As for Mr. Paul Skinner, his fate was simple in the extreme. An unfortunate mistake which he committed, by compelling the peasants of Garatsh to repair his house instead of the roads, caused the High Court to deprive him of his office, and, with it, of all the means he possessed to attract attention or merit public reproof. If he is still a tyrant--for nothing is known of his present doings--he must confine his oppression to his family circle, where it is but too likely that he will at length meet with opposition.
Susi was anxiously waiting for her husband's return when the news of his death reached her. It came upon her like lightning: she fell, and lay in a death-like swoon.
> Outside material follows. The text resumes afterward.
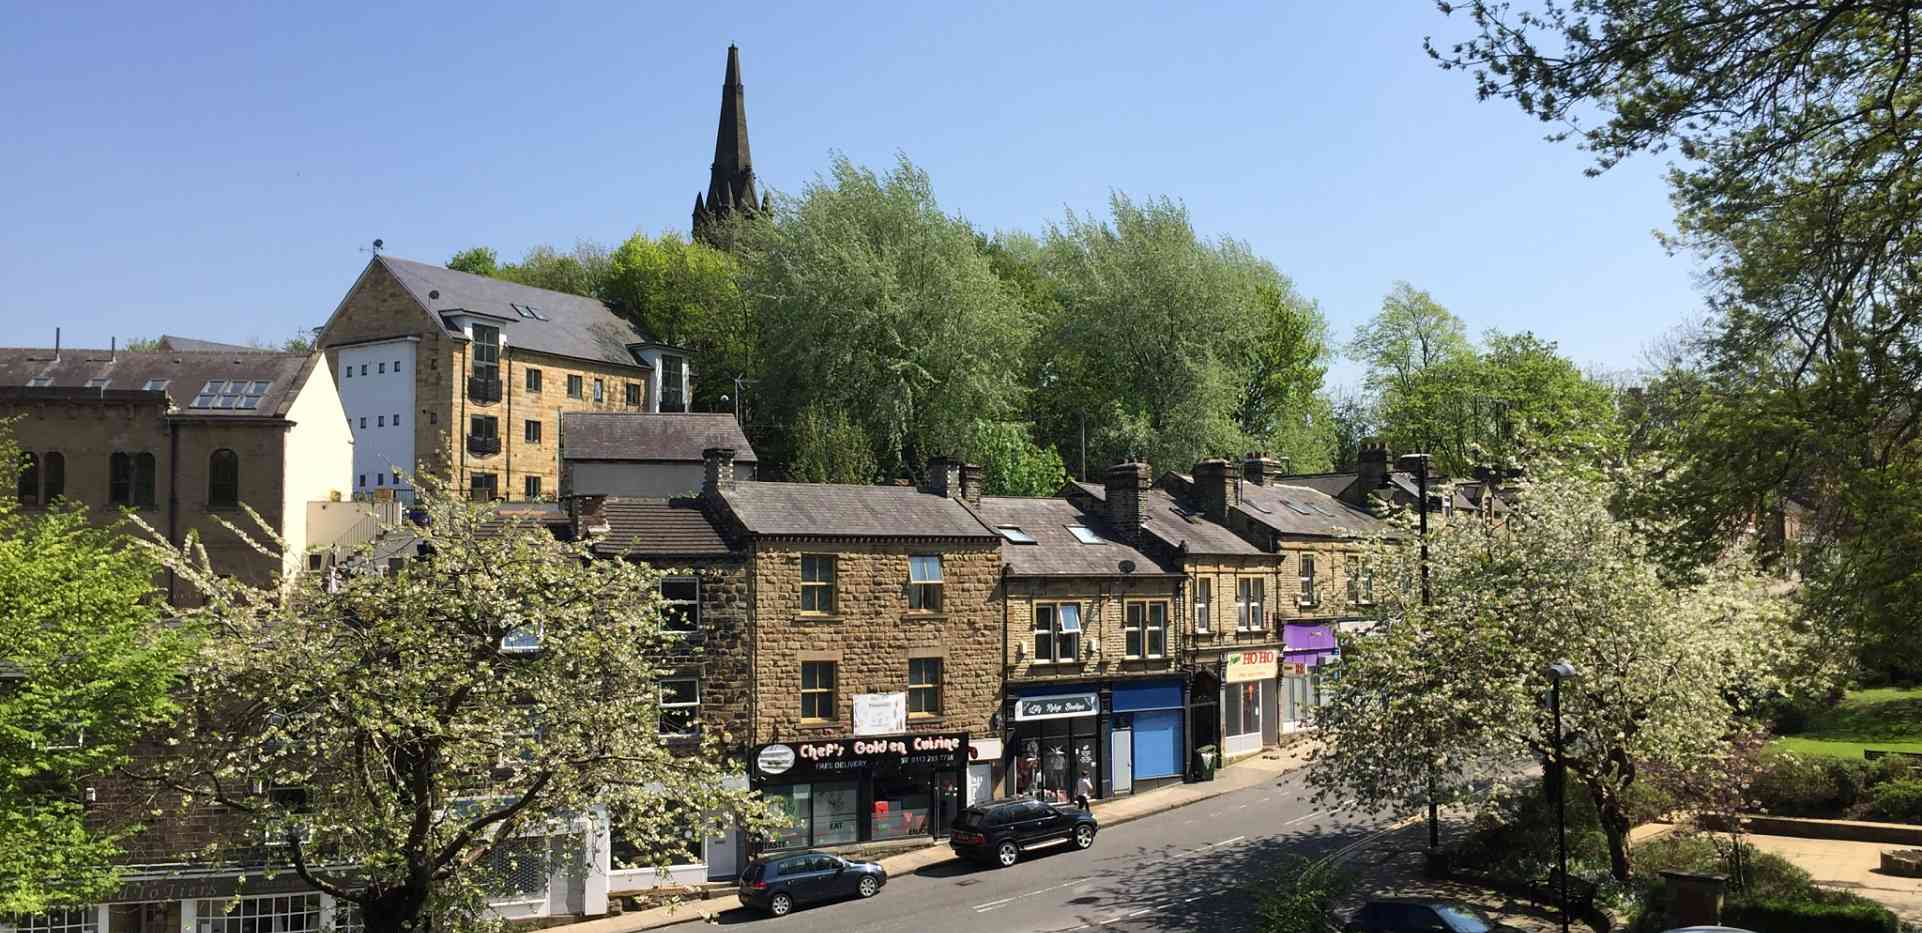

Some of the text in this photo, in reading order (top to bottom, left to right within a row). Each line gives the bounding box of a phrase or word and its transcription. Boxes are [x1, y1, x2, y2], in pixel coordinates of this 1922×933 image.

When she returned to consciousness, she arose and went to the graves of her children, which were for the first time covered with the fresh verdure of spring. She knelt down and took her leave of all that remained of her loved ones; and, having done this, she consented to accompany the Mother Liptaka to Tissaret. She asked, as a favour, that she might be allowed to live in the house which she and her husband formerly inhabited. Akosh Rety had the house repaired, and everything arranged as it was when Viola was an honest and thriving peasant. It was there Susi lived, lonely and solitary, speaking to no one, and never leaving her room except by night. After sunset she would go to the Turk's Hill, where she remained till morning dawned on the far plain.
Some months pa.s.sed in this manner. Akosh and Vilma (now his loving wife) were walking on a fine evening in June to the Turk's Hill, when they were startled by a female voice, singing the words of the psalm:--
”Oh that to me the wings were given, Which bear the turtle to her nest!
That I might cleave the vaults of heaven, And flee away, and be at rest!”
Vilma knew the singer.
Early next morning, when the peasants went to their work in the fields, they found a woman lying on her face, close to the Turk's Hill, on the spot where Viola had breathed his last.
They tried to wake her, but they could not. Susi slept, never to wake again!
My work is done; and nothing now remains but to say adieu to my readers.
But before I close this book, let me turn to the boundless plain of my country, and to the scene of the joys and sorrows of my youth, to the banks of the yellow Theiss! There is a beauty in the mountains; there is a charm in the broad waters of the Danube: but to me there is a rapture in the thought of the pride of Hungary,--her _green plain_! It extends, boundless as the ocean; it has nothing to fetter our view but the deep blue canopy of Heaven. No brown chain of mountains surrounds it; no ice-covered peaks are gilded by the rays of the rising sun!